Вопрос был поставлен так, что я не знал, кого назвать.
Ну, хотя бы несколько имен! — решила помочь мне аспирантка.
— Имени его не знаю, — вдруг решился я, — но мечтаю когда-нибудь докопаться.
— Кого вы имеете в виду? — оживился преподаватель.
— Автора «Слова о полку Игореве».
Тут он вдруг закрыл лицо маленькими сухими ладошками, начал подрагивать всем телом, издавая странные сдавленные звуки, что-то среднее между «пых» и «дых» — совсем человек зашелся в смехе, а мне было хоть плачь.

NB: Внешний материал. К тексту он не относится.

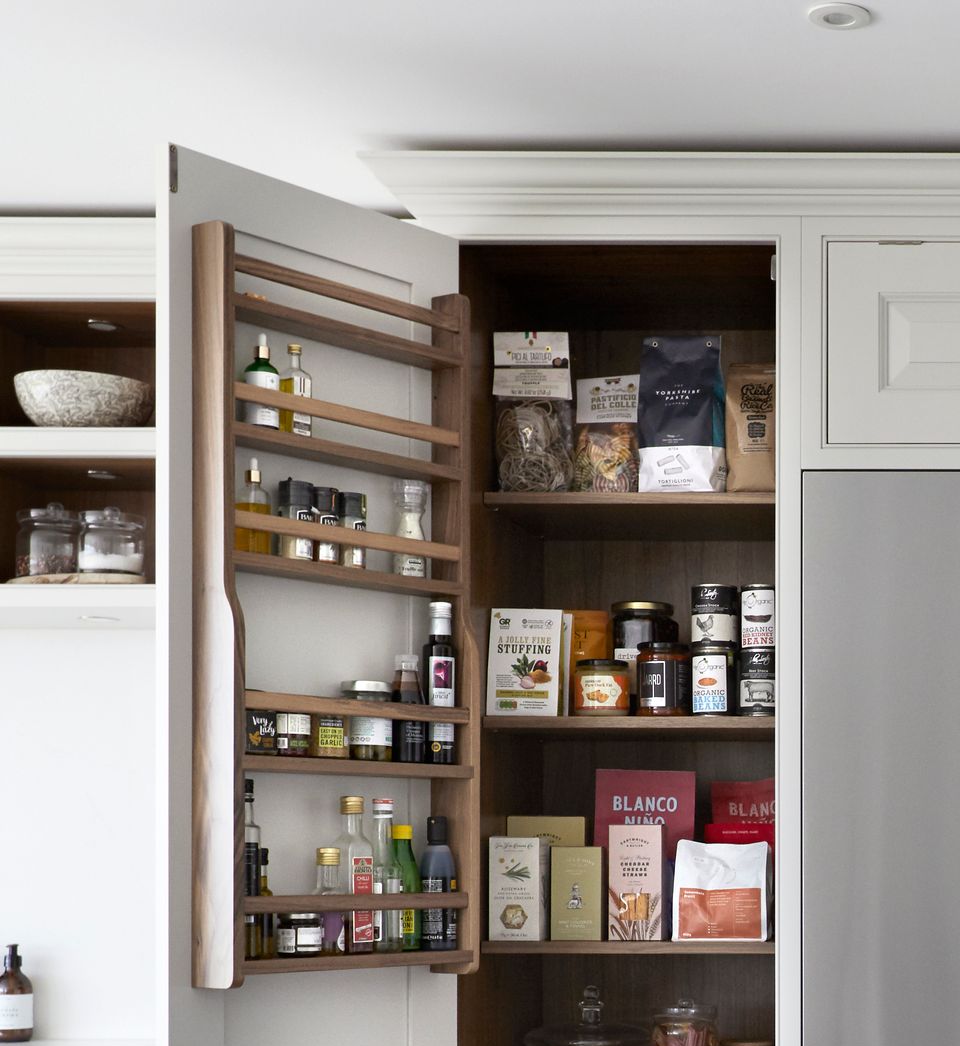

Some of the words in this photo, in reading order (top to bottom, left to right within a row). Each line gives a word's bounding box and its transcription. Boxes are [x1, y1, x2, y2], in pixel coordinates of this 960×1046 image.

[591, 394, 637, 403] PASTIFICIO
[609, 401, 637, 409] COLLE
[532, 636, 552, 644] FINE
[743, 637, 774, 646] BEANS
[497, 644, 551, 654] STUFFING
[694, 702, 726, 711] BEANS
[252, 716, 268, 726] Very
[260, 721, 275, 736] Lazy
[613, 795, 677, 812] BLANCO

— Извините, — сказал наконец он, вытирая платочком слезы. — До вас все называли Эренбурга…
А насчет автора «Слова» — никто никогда до этого не докопается! И что же вы помните из поэмы?
— Даже наизусть кое-что, — храбро ответил я.

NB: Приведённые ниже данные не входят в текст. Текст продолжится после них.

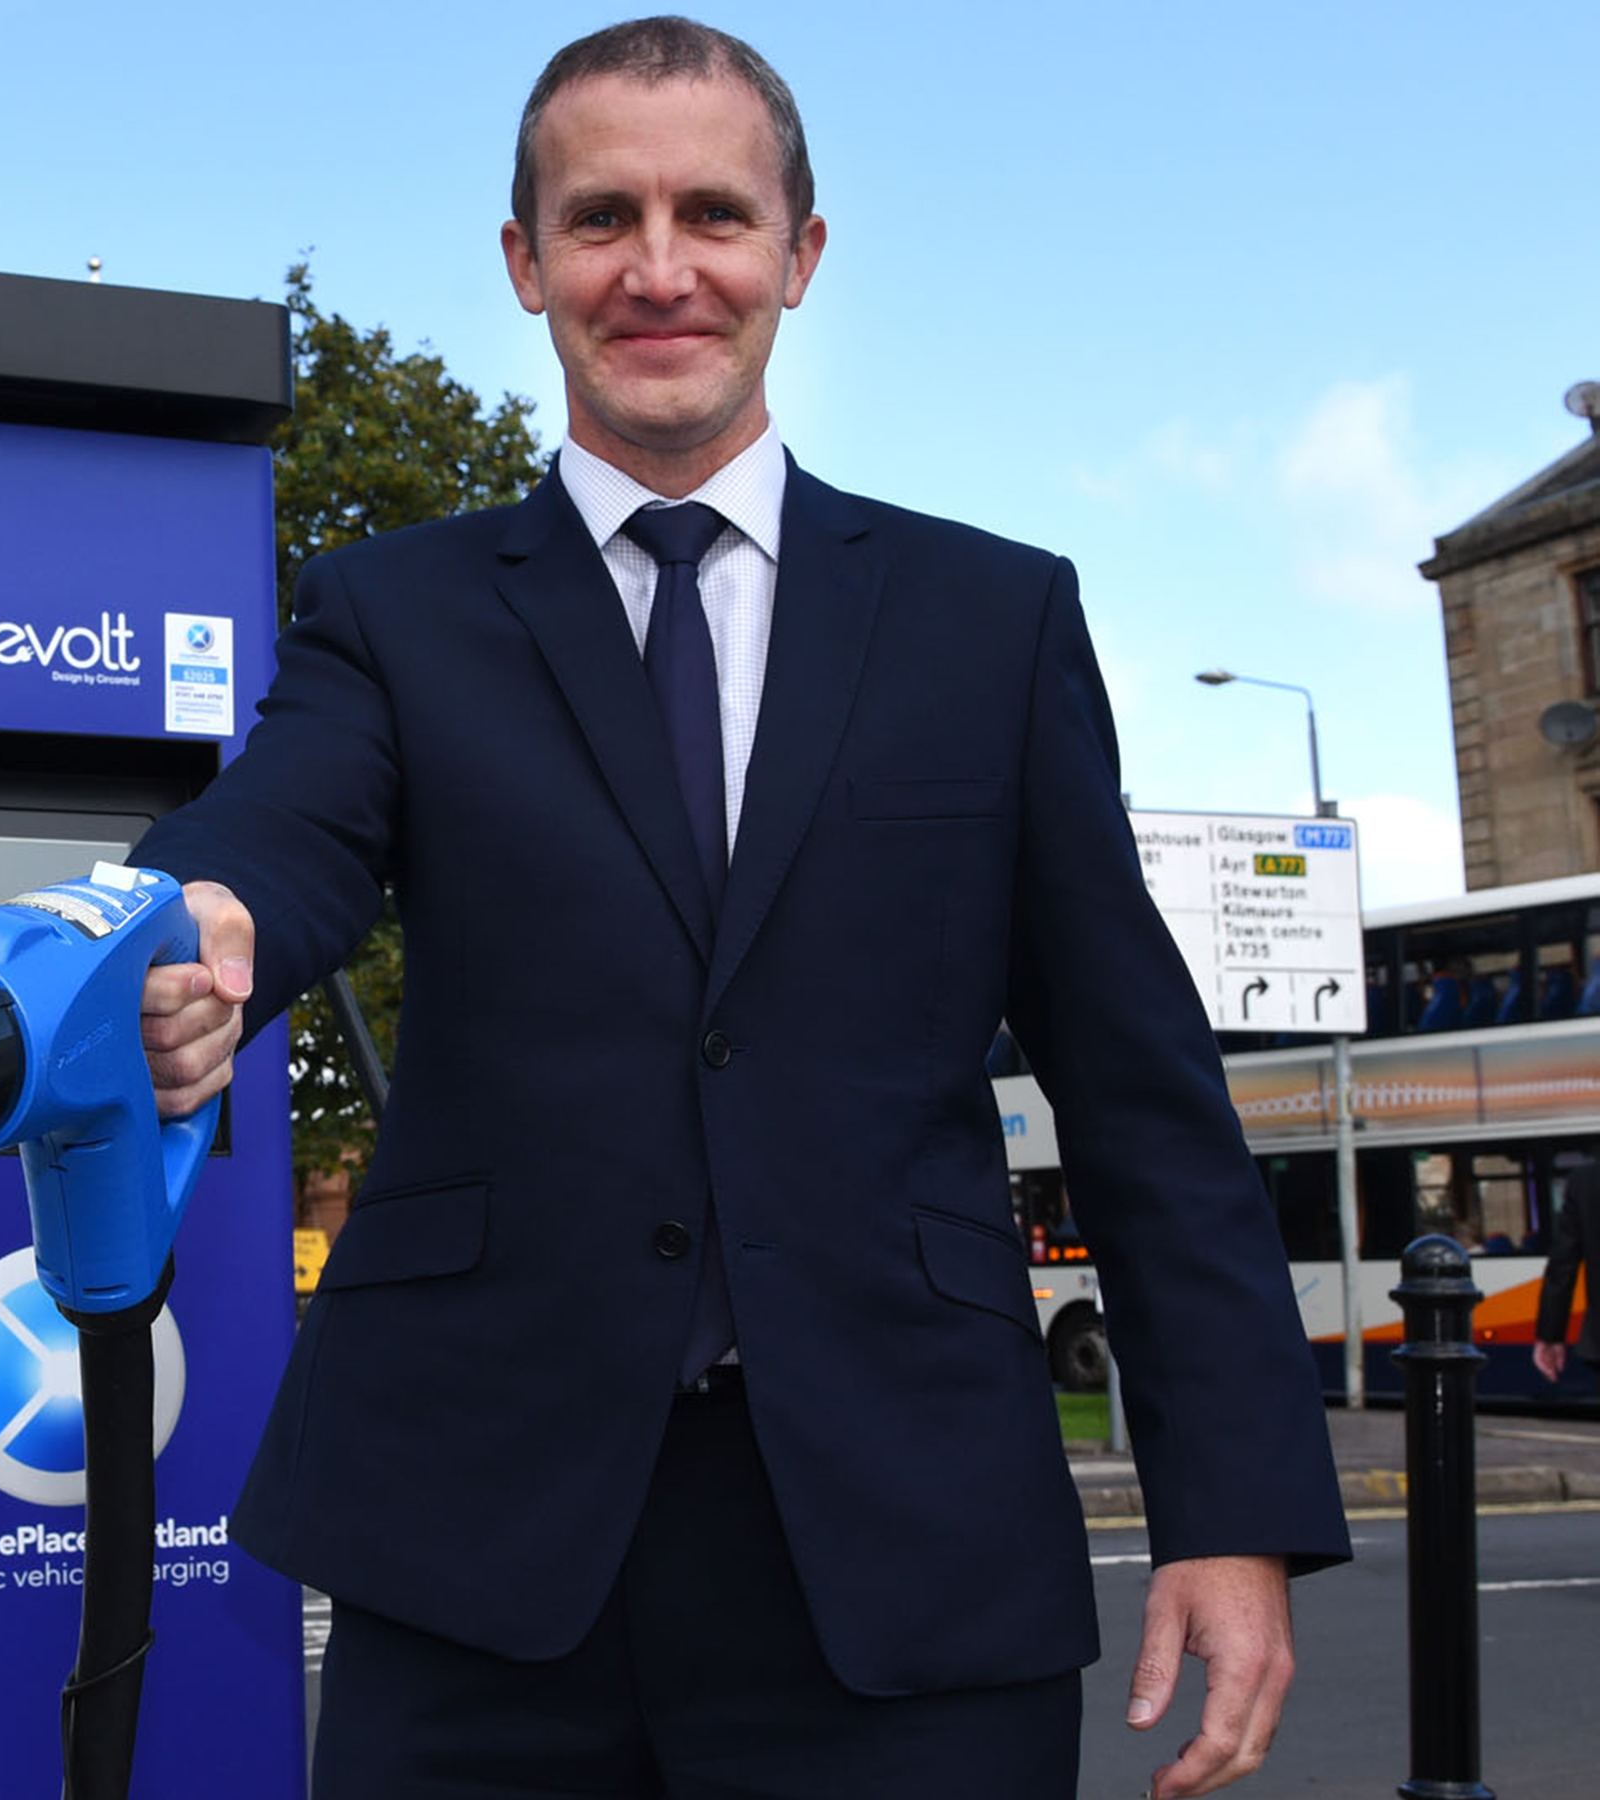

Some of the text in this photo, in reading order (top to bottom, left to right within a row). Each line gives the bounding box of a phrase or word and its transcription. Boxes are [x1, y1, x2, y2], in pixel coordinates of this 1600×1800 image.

[52, 670, 82, 684] Design
[84, 672, 94, 685] by
[1217, 826, 1286, 844] Glasgow
[1219, 857, 1247, 873] Ayr
[1222, 883, 1307, 899] Stewarton
[1225, 922, 1322, 939] Town centre
[154, 1516, 228, 1548] tland
[13, 1562, 85, 1589] vehic
[152, 1556, 229, 1587] arging

— Начинайте, — усмехнулся он.
— «Не лепо ли ны бяшет, братие, начати старыми словесы трудных повестий о полку Игореве.
Игоря Святославлича? Начати же ся…».
— Достаточно, — перебил он меня. — Кому адресовано это обращение «братие»?
— Скорее всего, имеются в виду князья, но твердого мнения у меня пока нет.
— Кто такой Владимир Старый?
— Думаю, что Владимир Креститель, а не Мономах.
— Почему вы так думаете?
— Автор плохо относится к Мономаху, он сторонник Ольговичей.
— У вас есть вопросы? — снова обратился преподаватель к аспирантке, которая отрицательно покачала головой. — У меня больше нет, и, главное, вот его сочинение…
Так, чтобы мне было видно, преподаватель поставил маленький плюсик перед пятеркой, незаметно выведенной ранее напротив моей фамилии, вписал отметку в экзаменационный лист и отпустил.
Месяц я практически не спал, сдавая эти экзамены. Но не стал бы о столь обыкновенном сейчас вспоминать и не описывал бы подробности главного экзамена, если б они не имели значения для дальнейшего, того, к чему терпеливый читатель придет вместе со мной спустя много страниц.
А чтобы побыстрей тронуться в путь, скажу коротко, что остальные экзамены я тоже сдал на пятерки, однако меня все равно не приняли в университет. Правда, набралось неполных двадцать пять баллов, а можно сказать, двадцать четыре с половиной, так как в длинном и торопливом сочинении, написанном без черновика и оценённом за суть и стиль на пятерку, допустил одну грамматическую описку. Мой балл, однако, был законно «проходным», даже с четверкой в знаменателе за сочинение, — но меня все равно не приняли, потому что число вакансий на журналистику строго ограничивалось и мое место занял кто-то с троечками, быть может, тот самый юноша в галстучке шнурочком, что значился по алфавиту чуть впереди меня и был, как я позже выяснил, сыном известного артиста. В деканате решили зачислить меня на заочное или порекомендовать в любой другой гуманитарный вуз. Когда же я отказался, то предложили забрать документы.